Anyone know for sure if CGDataProviderCopyData() actually copies the data? Or does it just create a new pointer to the existing data?
Those are the same thing. Pointers are memory addresses; by definition, if you have the same data at two addresses, it is the same data in two places, so you must have copied it (either from one to the other or to both from a common origin).
So, let's restate the question accordingly:
Or does it just copy the existing pointer?
Quartz can't necessarily do this, because data providers do not necessarily provide an existing pointer, as they can be implemented as essentially stream-based (sequential) providers instead.
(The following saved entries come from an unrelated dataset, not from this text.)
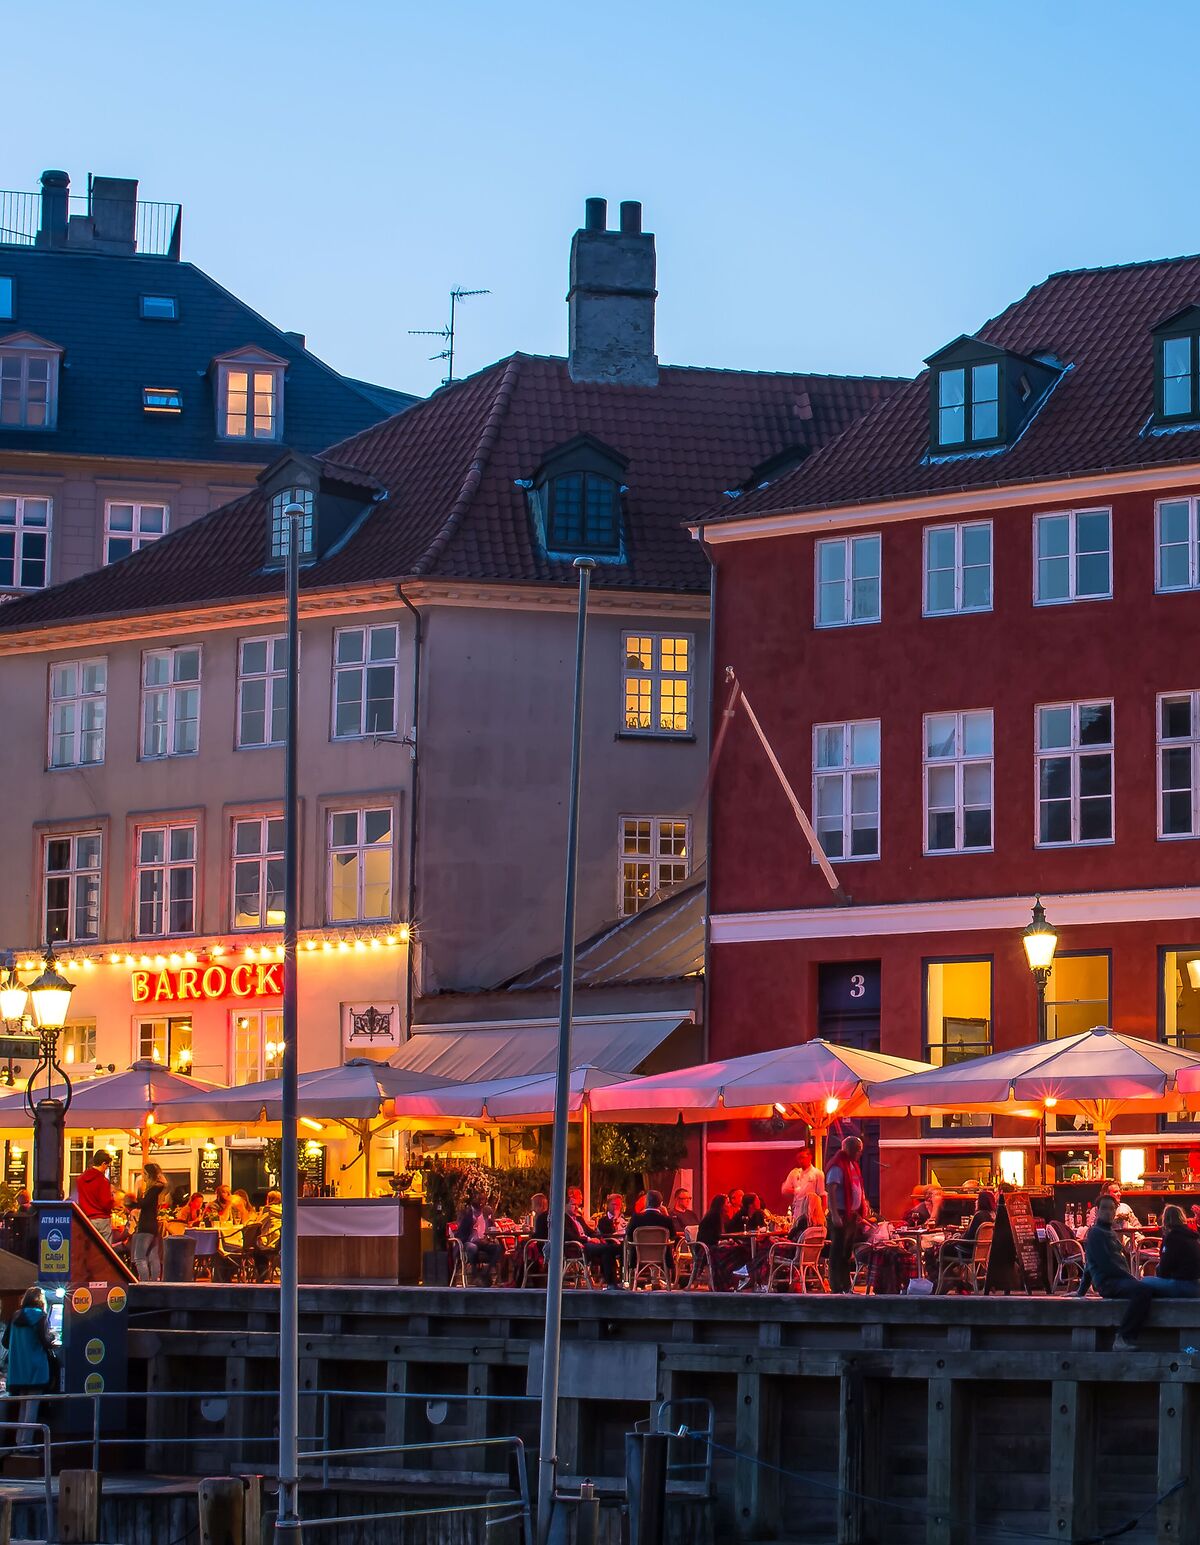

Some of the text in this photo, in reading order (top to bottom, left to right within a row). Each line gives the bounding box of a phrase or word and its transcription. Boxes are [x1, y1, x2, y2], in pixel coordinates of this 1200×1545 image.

[131, 964, 282, 1002] BAROCK
[850, 974, 865, 997] 3
[201, 1160, 220, 1170] Coffee
[41, 1216, 70, 1224] ATM HERE
[45, 1253, 64, 1261] CASH
[74, 1296, 89, 1305] DKK
[110, 1295, 126, 1304] EUR
What about direct-access providers? Even those need not cough up a byte pointer; the provider may simply offer range-on-demand access instead.
But what if it does offer a byte pointer? Well, the documentation for that says:
You must not move or modify the provider data until Quartz calls your CGDataProviderReleaseBytePointerCallback function.
So, conceivably, Quartz could reuse the pointer. But what if you release the data provider (causing your ReleaseBytePointer callback to be called) before you release the data?
This could still be safe if Quartz implements a private custom subclass of CFData or NSData that either implements faulting or takes over the job of calling ReleaseBytePointer, so that if you create a direct-access provider and create a CFData from it and release the provider, you can still use the CFData object.
But that's a lot of ifs. They probably just create a plain old (bytes-copying-at-creation-time) CFData, which makes it a valid performance concern.
Profile it and see how much pain it's causing you. If it's enough to worry about, then you need some solutions:
You could just implement ReleaseBytePointer as a no-op (empty function body) and release the bytes separately, making sure to do so after releasing both the provider and the data. In theory, prevents the bytes from going away out from under the CFData if it is using the original bytes pointer and Quartz doesn't implement a custom CFData subclass. A little hairy. Unfortunately, Apple can't really rely on you doing this, so I doubt it will actually help.
Handle an NS/CFData directly instead. Create the data provider only to pass it to Quartz, and release it and forget about it immediately thereafter (not own it yourself).
Depending on your needs, you may prefer to keep your callbacks structure in an instance variable and call them directly to copy parts of the data. Of course, if this solution works for you, then you don't have the problem described above anyway, since you aren't creating a here-you-can-have-my-bytes-pointer direct-access data provider.
The documentation for CGDataProviderCreateWithCFData doesn't say whether it returns a direct-access data provider or not, so you'll have to err on the side of caution if that's how you're creating your data provider.